The world represented in the game is a cultural pulp. First of all, Getting Over It is, perhaps, one could say, a remake of another game, Sexy Hiking, as Foddy mentions. Secondly, the mountain we climb is composed, as the artist himself claims, of “garbage”, of random elements such as furniture, hanging houses, various accessories. Thirdly, the character we control, packed into a huge cauldron and holding a climbing hammer, is called Diogenes (the choice of the most famous representative of the Cynic philosophy, in which the perfect state would be total indifference, i.e. the inverse of mindfulness and it is not accidental).

The commentary read by the creator is also a pulp filled with autothematic threads – a story about the frustration of passing the game, deconstructing it – as well as quotes from philosophy, literature, poetry and popular culture. The range is really wide: from Ice T, through Shakespeare, to Nietsche (the satisfaction of recognizing the authors of quotes slightly sweetens the taste of a failure).

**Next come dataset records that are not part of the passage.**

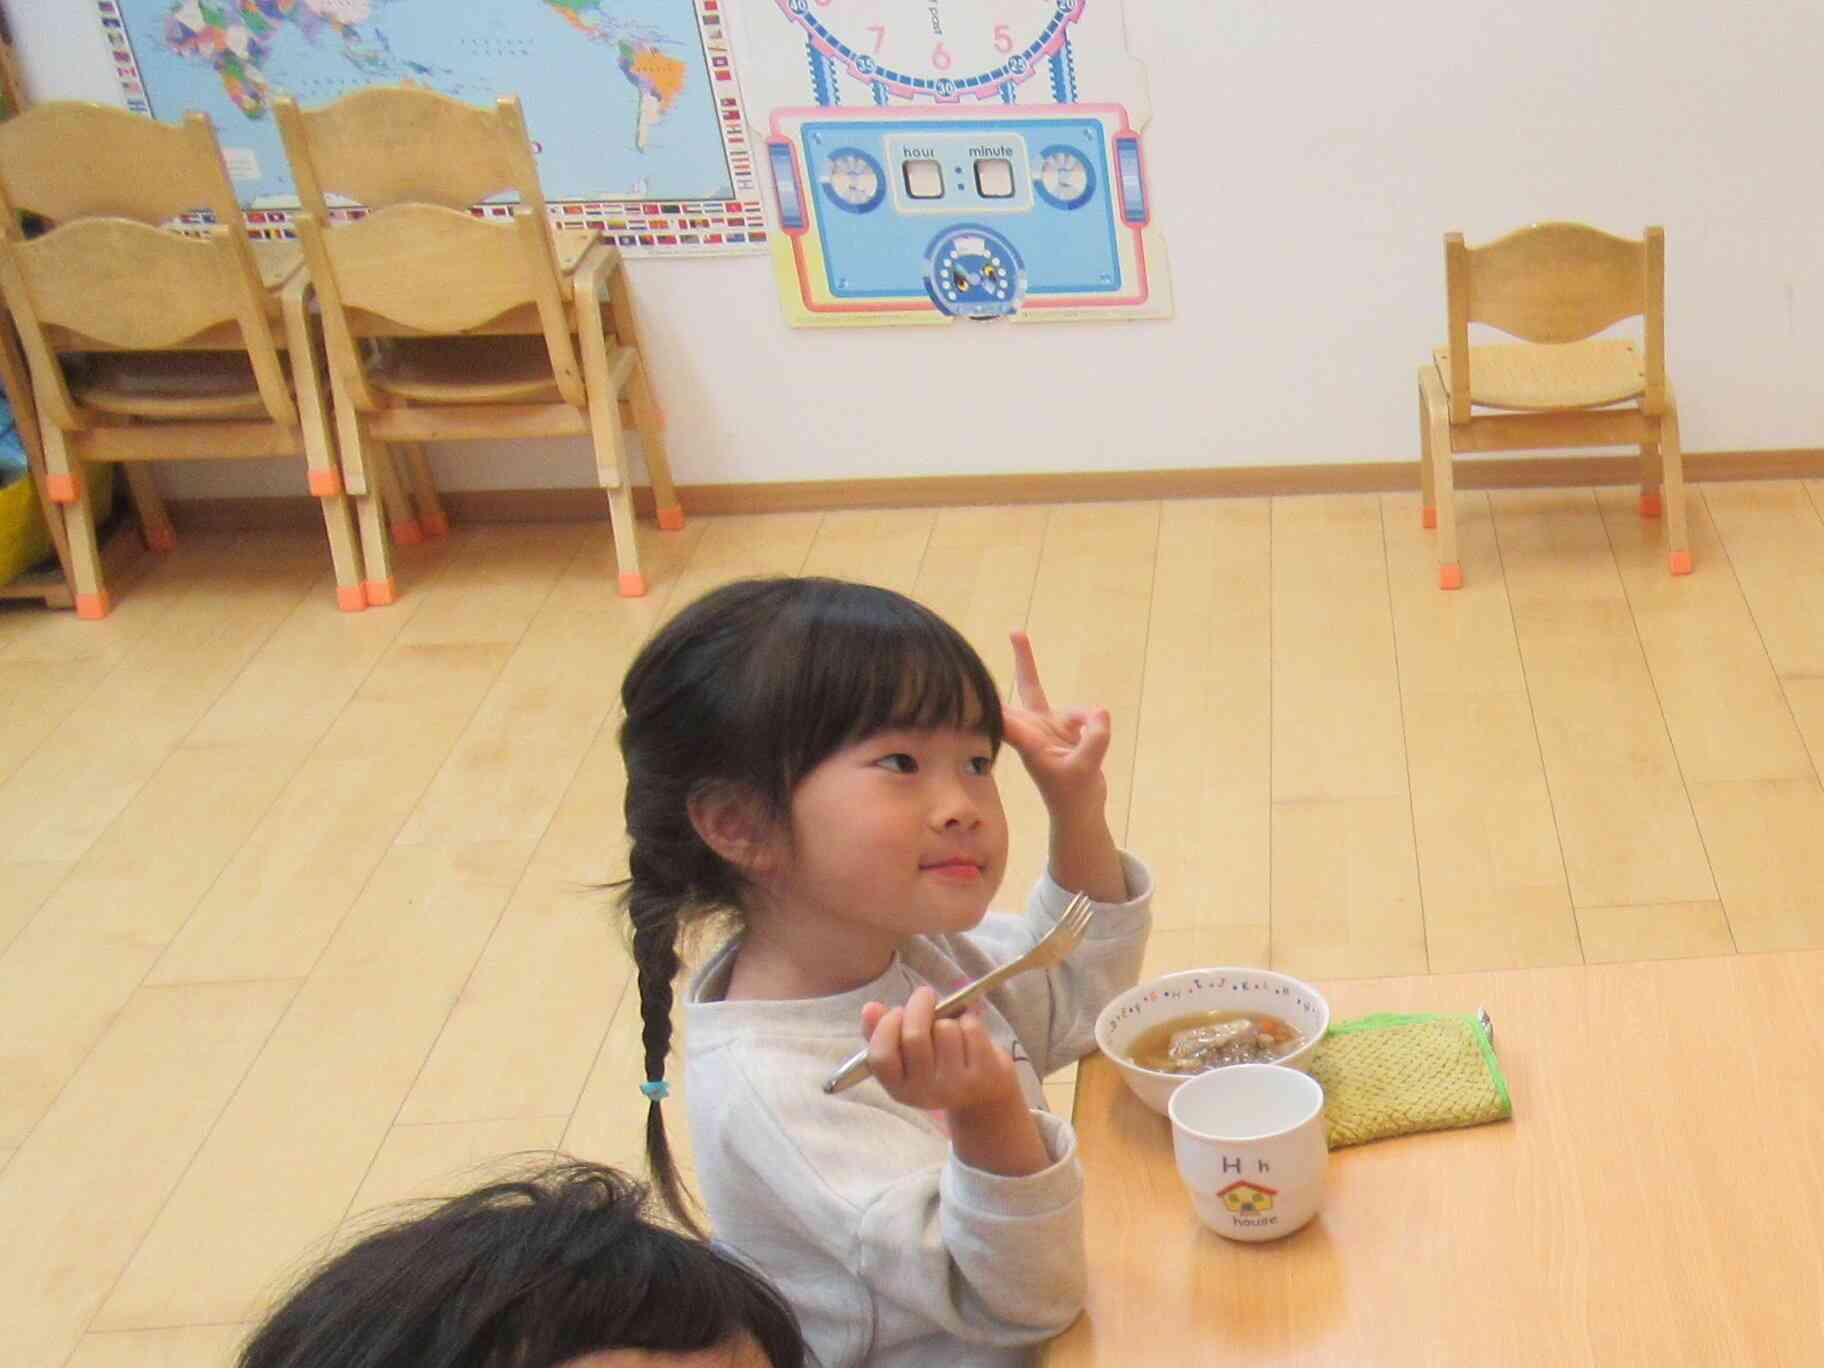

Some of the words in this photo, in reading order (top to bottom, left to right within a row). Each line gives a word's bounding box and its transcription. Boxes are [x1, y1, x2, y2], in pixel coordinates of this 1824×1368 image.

[865, 24, 885, 53] 7
[993, 24, 1013, 53] 5
[931, 42, 951, 71] 6
[903, 145, 936, 158] hour
[968, 145, 1014, 158] minute
[1222, 1155, 1241, 1174] H
[1232, 1215, 1279, 1227] house

Getting Over It – screen from the game

According to Foddy, and this is really interesting, in Getting Over It modern digital culture (and its impact on visual culture) consists of waste, processing and repetition, covering everything that is fresh with its overwhelming amount, with its speed of creation and the speed of reaction, as well as the attractiveness of handling everything that is familiar. It is a huge mountain of unsorted information, which is in perpetual motion – some of this information will be forgotten, other will be unearthed and processed, captivating us once again with the illusion of freshness. In this world, things are new only “for about 6 seconds, until the browser is refreshed.”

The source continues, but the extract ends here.